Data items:
◆ ◆ ◆ ◆
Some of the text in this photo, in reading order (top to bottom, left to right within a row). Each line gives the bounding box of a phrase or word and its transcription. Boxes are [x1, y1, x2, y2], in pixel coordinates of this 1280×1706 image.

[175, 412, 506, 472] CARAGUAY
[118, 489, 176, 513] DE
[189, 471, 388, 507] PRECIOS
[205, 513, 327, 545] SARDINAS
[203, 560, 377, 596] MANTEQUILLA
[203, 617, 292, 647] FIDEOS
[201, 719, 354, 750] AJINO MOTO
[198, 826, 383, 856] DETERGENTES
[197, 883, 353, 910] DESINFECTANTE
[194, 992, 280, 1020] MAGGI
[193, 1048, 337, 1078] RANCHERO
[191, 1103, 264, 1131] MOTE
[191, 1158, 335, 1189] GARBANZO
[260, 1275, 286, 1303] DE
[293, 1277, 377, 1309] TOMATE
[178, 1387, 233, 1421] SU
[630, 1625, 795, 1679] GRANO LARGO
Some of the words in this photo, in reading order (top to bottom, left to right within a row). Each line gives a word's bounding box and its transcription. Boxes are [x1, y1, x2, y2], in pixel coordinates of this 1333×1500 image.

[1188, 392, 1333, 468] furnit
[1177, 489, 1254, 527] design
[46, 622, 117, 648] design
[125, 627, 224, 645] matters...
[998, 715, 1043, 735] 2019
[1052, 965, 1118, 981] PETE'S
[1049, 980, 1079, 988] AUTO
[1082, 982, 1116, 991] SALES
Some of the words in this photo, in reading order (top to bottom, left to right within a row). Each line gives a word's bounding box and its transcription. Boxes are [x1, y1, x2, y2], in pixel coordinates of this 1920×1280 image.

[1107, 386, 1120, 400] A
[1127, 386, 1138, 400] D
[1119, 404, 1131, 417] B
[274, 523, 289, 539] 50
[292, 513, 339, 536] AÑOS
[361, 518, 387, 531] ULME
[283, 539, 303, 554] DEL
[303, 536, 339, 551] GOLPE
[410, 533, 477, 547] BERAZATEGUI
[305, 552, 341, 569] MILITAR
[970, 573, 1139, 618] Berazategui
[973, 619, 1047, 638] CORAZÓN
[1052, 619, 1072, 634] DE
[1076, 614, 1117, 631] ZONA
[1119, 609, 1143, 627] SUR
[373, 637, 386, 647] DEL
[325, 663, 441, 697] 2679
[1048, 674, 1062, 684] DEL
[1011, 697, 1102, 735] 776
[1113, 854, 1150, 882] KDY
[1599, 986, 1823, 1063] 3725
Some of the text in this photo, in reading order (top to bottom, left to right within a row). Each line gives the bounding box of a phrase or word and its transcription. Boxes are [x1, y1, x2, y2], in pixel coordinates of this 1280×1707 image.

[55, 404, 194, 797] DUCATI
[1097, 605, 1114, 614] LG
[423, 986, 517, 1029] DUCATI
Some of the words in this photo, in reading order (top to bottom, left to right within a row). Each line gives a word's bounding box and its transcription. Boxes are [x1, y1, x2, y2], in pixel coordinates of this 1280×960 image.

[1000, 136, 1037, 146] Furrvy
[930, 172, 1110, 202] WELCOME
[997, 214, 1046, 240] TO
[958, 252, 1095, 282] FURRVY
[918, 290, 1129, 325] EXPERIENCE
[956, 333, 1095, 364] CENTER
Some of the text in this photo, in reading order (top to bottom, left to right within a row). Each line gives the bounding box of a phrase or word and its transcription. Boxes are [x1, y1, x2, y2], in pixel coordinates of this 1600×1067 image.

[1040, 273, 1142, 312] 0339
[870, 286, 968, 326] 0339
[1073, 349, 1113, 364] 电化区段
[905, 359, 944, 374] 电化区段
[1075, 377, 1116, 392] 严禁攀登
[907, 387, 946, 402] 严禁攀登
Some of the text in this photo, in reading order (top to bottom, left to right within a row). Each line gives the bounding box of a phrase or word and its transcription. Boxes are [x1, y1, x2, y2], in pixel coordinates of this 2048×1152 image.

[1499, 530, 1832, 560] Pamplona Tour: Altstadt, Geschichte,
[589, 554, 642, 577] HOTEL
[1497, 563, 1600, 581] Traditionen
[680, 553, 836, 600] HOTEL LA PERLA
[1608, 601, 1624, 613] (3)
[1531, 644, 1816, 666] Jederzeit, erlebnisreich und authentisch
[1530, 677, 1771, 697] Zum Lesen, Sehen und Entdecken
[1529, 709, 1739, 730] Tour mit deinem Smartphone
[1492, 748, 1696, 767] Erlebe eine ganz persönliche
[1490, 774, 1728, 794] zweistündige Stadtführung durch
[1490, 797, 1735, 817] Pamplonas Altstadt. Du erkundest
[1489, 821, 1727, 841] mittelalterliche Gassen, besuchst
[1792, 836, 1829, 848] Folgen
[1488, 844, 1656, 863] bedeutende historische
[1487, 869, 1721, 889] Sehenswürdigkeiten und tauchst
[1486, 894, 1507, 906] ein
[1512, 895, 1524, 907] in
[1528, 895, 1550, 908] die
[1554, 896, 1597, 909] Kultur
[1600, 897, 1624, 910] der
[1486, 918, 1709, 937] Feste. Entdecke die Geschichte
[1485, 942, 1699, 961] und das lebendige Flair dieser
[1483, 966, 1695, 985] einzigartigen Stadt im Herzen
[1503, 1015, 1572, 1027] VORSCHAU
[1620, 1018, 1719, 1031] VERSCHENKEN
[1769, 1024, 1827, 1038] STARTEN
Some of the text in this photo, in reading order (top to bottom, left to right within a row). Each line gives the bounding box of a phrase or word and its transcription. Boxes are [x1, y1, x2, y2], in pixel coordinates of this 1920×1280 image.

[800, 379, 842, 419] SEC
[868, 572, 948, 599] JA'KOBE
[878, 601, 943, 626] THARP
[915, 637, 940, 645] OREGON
◆ ◆ ◆ ◆
Task requirements:
Please reproduce all of the entries exactly as they stand.

Solution to this problem:
Some of the text in this photo, in reading order (top to bottom, left to right within a row). Each line gives the bounding box of a phrase or word and its transcription. Boxes are [x1, y1, x2, y2], in pixel coordinates of this 1280×1706 image.

[175, 412, 506, 472] CARAGUAY
[118, 489, 176, 513] DE
[189, 471, 388, 507] PRECIOS
[205, 513, 327, 545] SARDINAS
[203, 560, 377, 596] MANTEQUILLA
[203, 617, 292, 647] FIDEOS
[201, 719, 354, 750] AJINO MOTO
[198, 826, 383, 856] DETERGENTES
[197, 883, 353, 910] DESINFECTANTE
[194, 992, 280, 1020] MAGGI
[193, 1048, 337, 1078] RANCHERO
[191, 1103, 264, 1131] MOTE
[191, 1158, 335, 1189] GARBANZO
[260, 1275, 286, 1303] DE
[293, 1277, 377, 1309] TOMATE
[178, 1387, 233, 1421] SU
[630, 1625, 795, 1679] GRANO LARGO
Some of the words in this photo, in reading order (top to bottom, left to right within a row). Each line gives a word's bounding box and its transcription. Boxes are [x1, y1, x2, y2], in pixel coordinates of this 1333×1500 image.

[1188, 392, 1333, 468] furnit
[1177, 489, 1254, 527] design
[46, 622, 117, 648] design
[125, 627, 224, 645] matters...
[998, 715, 1043, 735] 2019
[1052, 965, 1118, 981] PETE'S
[1049, 980, 1079, 988] AUTO
[1082, 982, 1116, 991] SALES
Some of the words in this photo, in reading order (top to bottom, left to right within a row). Each line gives a word's bounding box and its transcription. Boxes are [x1, y1, x2, y2], in pixel coordinates of this 1920×1280 image.

[1107, 386, 1120, 400] A
[1127, 386, 1138, 400] D
[1119, 404, 1131, 417] B
[274, 523, 289, 539] 50
[292, 513, 339, 536] AÑOS
[361, 518, 387, 531] ULME
[283, 539, 303, 554] DEL
[303, 536, 339, 551] GOLPE
[410, 533, 477, 547] BERAZATEGUI
[305, 552, 341, 569] MILITAR
[970, 573, 1139, 618] Berazategui
[973, 619, 1047, 638] CORAZÓN
[1052, 619, 1072, 634] DE
[1076, 614, 1117, 631] ZONA
[1119, 609, 1143, 627] SUR
[373, 637, 386, 647] DEL
[325, 663, 441, 697] 2679
[1048, 674, 1062, 684] DEL
[1011, 697, 1102, 735] 776
[1113, 854, 1150, 882] KDY
[1599, 986, 1823, 1063] 3725
Some of the text in this photo, in reading order (top to bottom, left to right within a row). Each line gives the bounding box of a phrase or word and its transcription. Boxes are [x1, y1, x2, y2], in pixel coordinates of this 1280×1707 image.

[55, 404, 194, 797] DUCATI
[1097, 605, 1114, 614] LG
[423, 986, 517, 1029] DUCATI
Some of the words in this photo, in reading order (top to bottom, left to right within a row). Each line gives a word's bounding box and its transcription. Boxes are [x1, y1, x2, y2], in pixel coordinates of this 1280×960 image.

[1000, 136, 1037, 146] Furrvy
[930, 172, 1110, 202] WELCOME
[997, 214, 1046, 240] TO
[958, 252, 1095, 282] FURRVY
[918, 290, 1129, 325] EXPERIENCE
[956, 333, 1095, 364] CENTER
Some of the text in this photo, in reading order (top to bottom, left to right within a row). Each line gives the bounding box of a phrase or word and its transcription. Boxes are [x1, y1, x2, y2], in pixel coordinates of this 1600×1067 image.

[1040, 273, 1142, 312] 0339
[870, 286, 968, 326] 0339
[1073, 349, 1113, 364] 电化区段
[905, 359, 944, 374] 电化区段
[1075, 377, 1116, 392] 严禁攀登
[907, 387, 946, 402] 严禁攀登
Some of the text in this photo, in reading order (top to bottom, left to right within a row). Each line gives the bounding box of a phrase or word and its transcription. Boxes are [x1, y1, x2, y2], in pixel coordinates of this 2048×1152 image.

[1499, 530, 1832, 560] Pamplona Tour: Altstadt, Geschichte,
[589, 554, 642, 577] HOTEL
[1497, 563, 1600, 581] Traditionen
[680, 553, 836, 600] HOTEL LA PERLA
[1608, 601, 1624, 613] (3)
[1531, 644, 1816, 666] Jederzeit, erlebnisreich und authentisch
[1530, 677, 1771, 697] Zum Lesen, Sehen und Entdecken
[1529, 709, 1739, 730] Tour mit deinem Smartphone
[1492, 748, 1696, 767] Erlebe eine ganz persönliche
[1490, 774, 1728, 794] zweistündige Stadtführung durch
[1490, 797, 1735, 817] Pamplonas Altstadt. Du erkundest
[1489, 821, 1727, 841] mittelalterliche Gassen, besuchst
[1792, 836, 1829, 848] Folgen
[1488, 844, 1656, 863] bedeutende historische
[1487, 869, 1721, 889] Sehenswürdigkeiten und tauchst
[1486, 894, 1507, 906] ein
[1512, 895, 1524, 907] in
[1528, 895, 1550, 908] die
[1554, 896, 1597, 909] Kultur
[1600, 897, 1624, 910] der
[1486, 918, 1709, 937] Feste. Entdecke die Geschichte
[1485, 942, 1699, 961] und das lebendige Flair dieser
[1483, 966, 1695, 985] einzigartigen Stadt im Herzen
[1503, 1015, 1572, 1027] VORSCHAU
[1620, 1018, 1719, 1031] VERSCHENKEN
[1769, 1024, 1827, 1038] STARTEN
Some of the text in this photo, in reading order (top to bottom, left to right within a row). Each line gives the bounding box of a phrase or word and its transcription. Boxes are [x1, y1, x2, y2], in pixel coordinates of this 1920×1280 image.

[800, 379, 842, 419] SEC
[868, 572, 948, 599] JA'KOBE
[878, 601, 943, 626] THARP
[915, 637, 940, 645] OREGON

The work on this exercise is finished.